The ant’s world consists of a grid, possibly infinite, but limited in our example:
Step1.png

The ant always moves through this grid one step at a time. It’s direction and it’s effect on the grid is defined by 3 simple rules:

  1. If the ant is on a black square, it turns right 90 degrees.
  2. If the ant is on a white square, it turns left 90 degrees.
  3. When the ant leaves a square, it inverts colour.

It is fairly obvious that the ant’s movement will leave a coloured trail. When asked, most people would guess that either no patterns show or that some basic symmetric images appear. What actually happens is this.

For the first 50 or so steps, it just seems to move around randomly, and then at step 52, you get a heart:
Step53.png

For the next 300 or so steps, the ant seems to draw random shapes, ofter erasing what it had drawn before. At about step 383 you get something that looks like this:
Step383.png

Next you get what’s technically known as a mess. The ant’s movement degenerates into chaos. No more patterns are observed:
Step2615.png

By now, you are probably thinking: “Well yes. Simple rules, so at first you get simple patterns, but as the board gets more and more complex, the simple rules can’t handle it, so the ant moves randomly”. Well that’s right, up until about step 10000; that is when you start getting highways.

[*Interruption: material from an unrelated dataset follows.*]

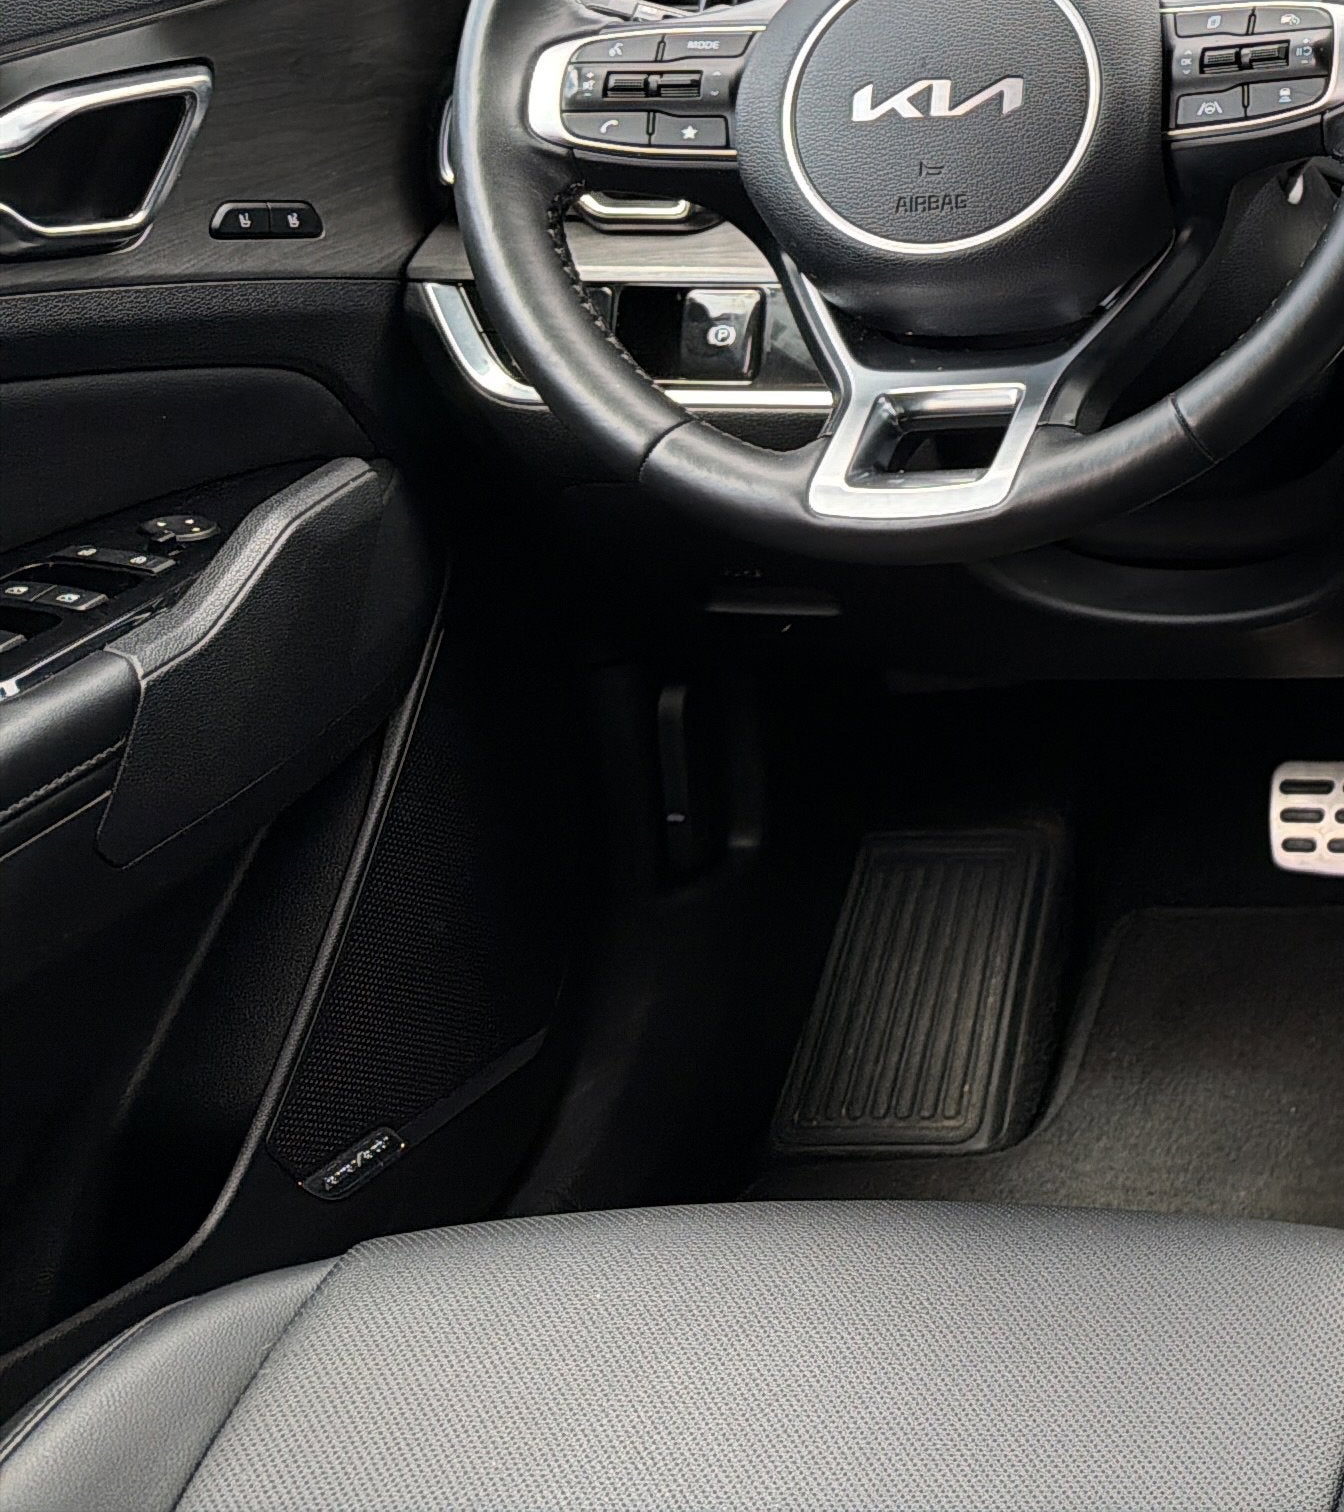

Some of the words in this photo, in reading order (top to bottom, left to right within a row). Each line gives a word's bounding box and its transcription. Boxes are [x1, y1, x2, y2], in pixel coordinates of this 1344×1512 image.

[687, 40, 720, 50] MODE
[851, 76, 1025, 124] KIA
[894, 192, 968, 215] AIRBAG

The highways the ant draws are intresting shapes. You can see one at the bottom of the next image. It is the diagonal bit going down and right. To build then, the ant seems to move in circles, the last row forcing it to draw the next. Thus, the ant continues to draw until something gets in its way. In this simulation, because the screen wraps around, the ant eventually gets back to the mess, where it starts moving randomly again.
Step10711.png

What’s intresting is that, after some time, the ant starts building highways again. Actually, there is no known way to stop it. The only hindrance here is that the board is finite so it has a tendency to fill up. Anyway, here’s what the board looks like at step 97049:
Step97049.png

The Programme

The following is a simple programme written in Python and using PyGame.

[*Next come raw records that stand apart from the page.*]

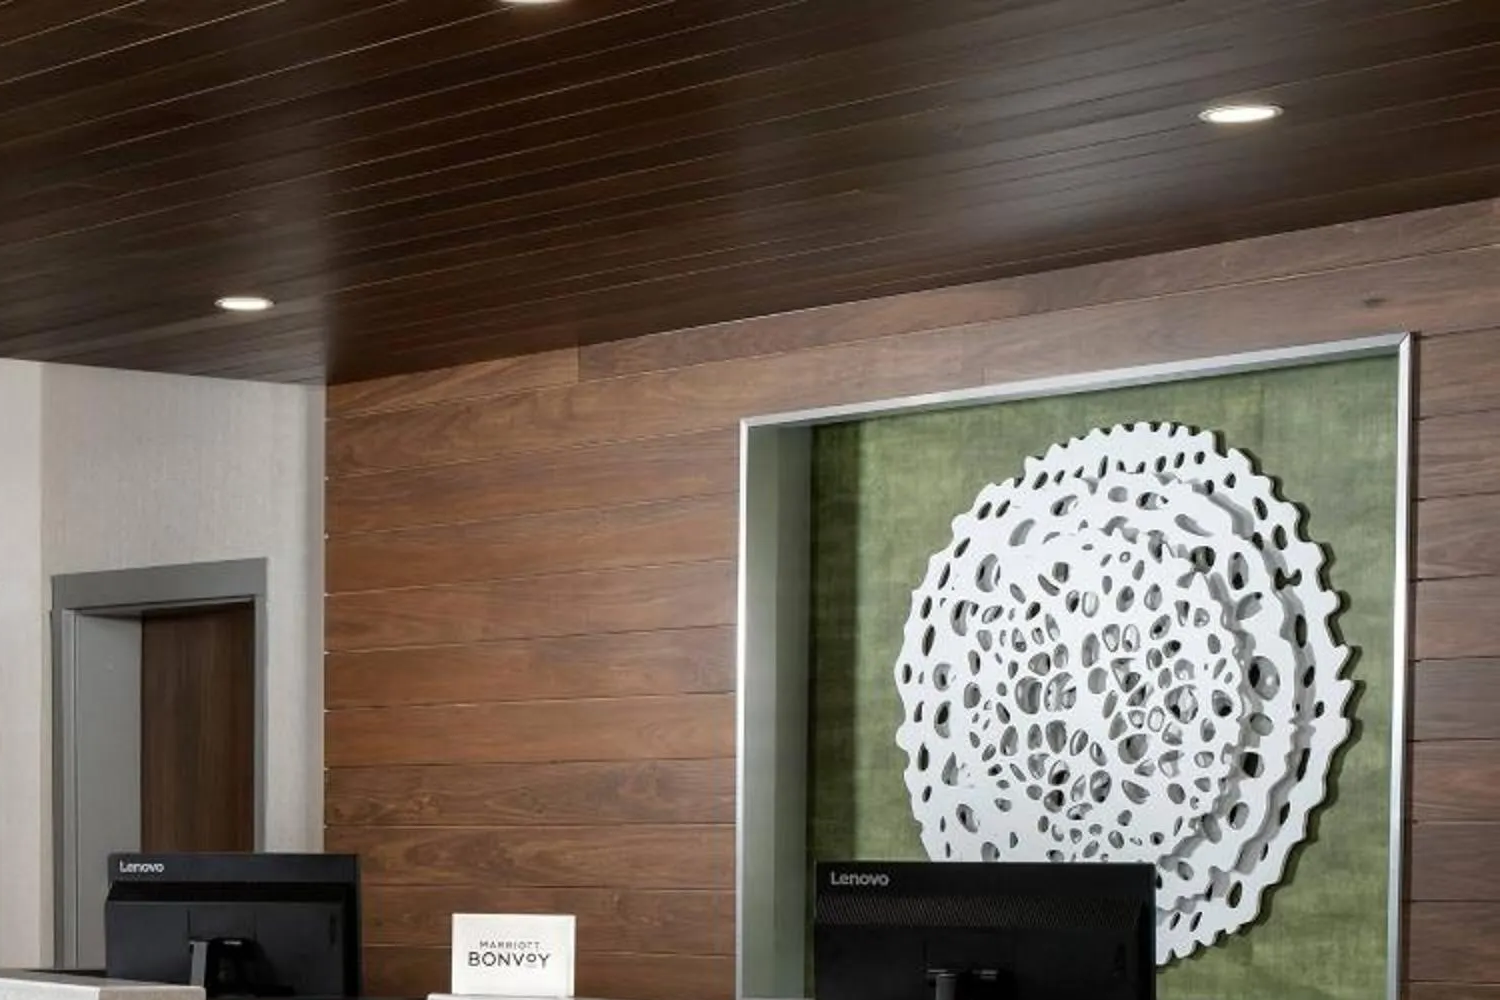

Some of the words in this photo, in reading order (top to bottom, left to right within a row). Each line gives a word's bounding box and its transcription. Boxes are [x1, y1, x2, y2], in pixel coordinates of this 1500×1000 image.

[119, 859, 165, 873] Lenovo
[831, 871, 890, 886] Lenovo
[479, 941, 541, 950] MARRIOTT
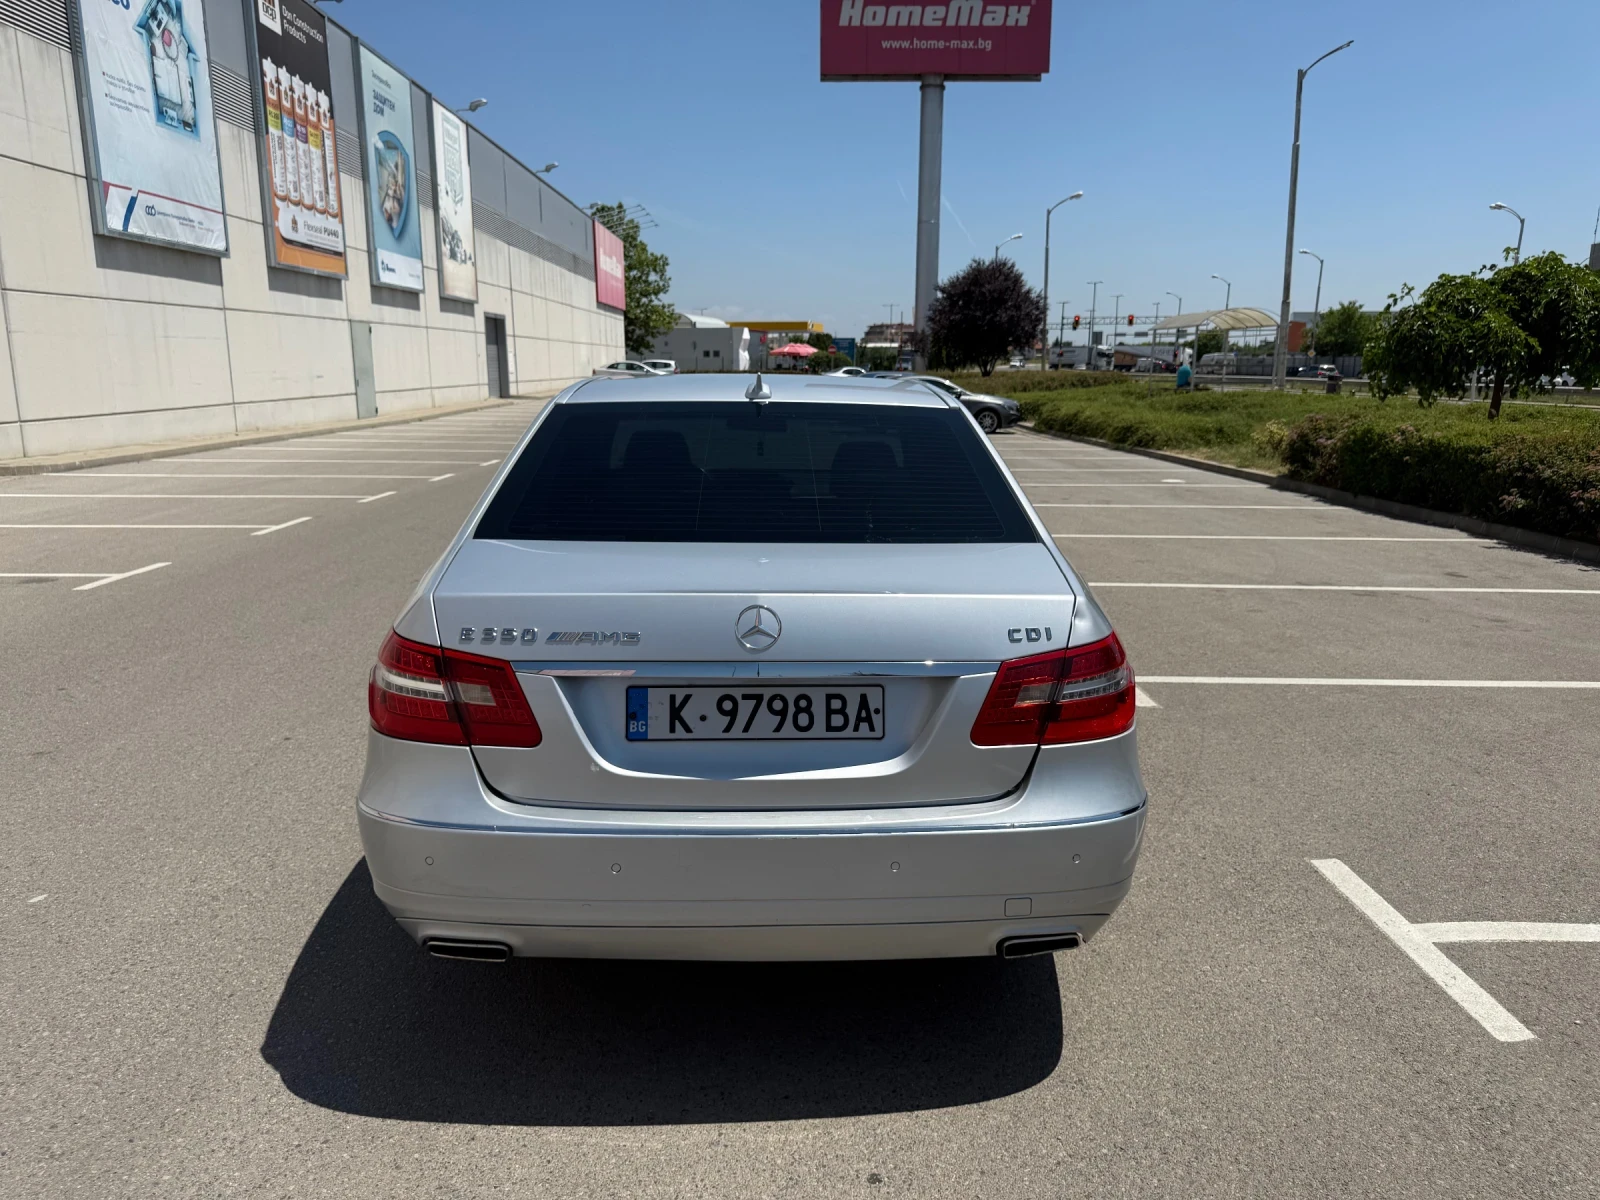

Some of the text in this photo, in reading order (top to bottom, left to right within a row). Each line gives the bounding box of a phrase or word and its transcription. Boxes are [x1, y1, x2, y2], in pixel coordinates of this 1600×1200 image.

[839, 0, 1030, 27] HomeMax
[282, 5, 324, 44] Don Construction
[283, 19, 307, 44] Products
[881, 38, 992, 51] www.home-max.bg
[461, 627, 640, 643] E 350 AMG
[1008, 627, 1052, 643] CDI
[669, 693, 876, 734] K 9798 BA
[629, 721, 646, 733] BG

The variables that control the display and the board are at the top of the programme. They are heavily commented so there shouldn’t be any problems.

Here’s the code in Python (langton.py):

#************************************************
# Rules of the game
#	1. If the ant is on a black square, it turns
#		right 90 and moves forward one unit
#	2. If the ant is on a white square, it turns
# 		left 90 and moves forward one unit
#	3. When the ant leaves a square, it inverts
#		colour
#
# SEE: http://mathworld.wolfram.com/LangtonsAnt.html
#************************************************

import sys, pygame
from pygame.locals import *
import time

dirs = (
		(-1, 0),
		(0, 1),
		(1, 0),
		(0, -1)
		)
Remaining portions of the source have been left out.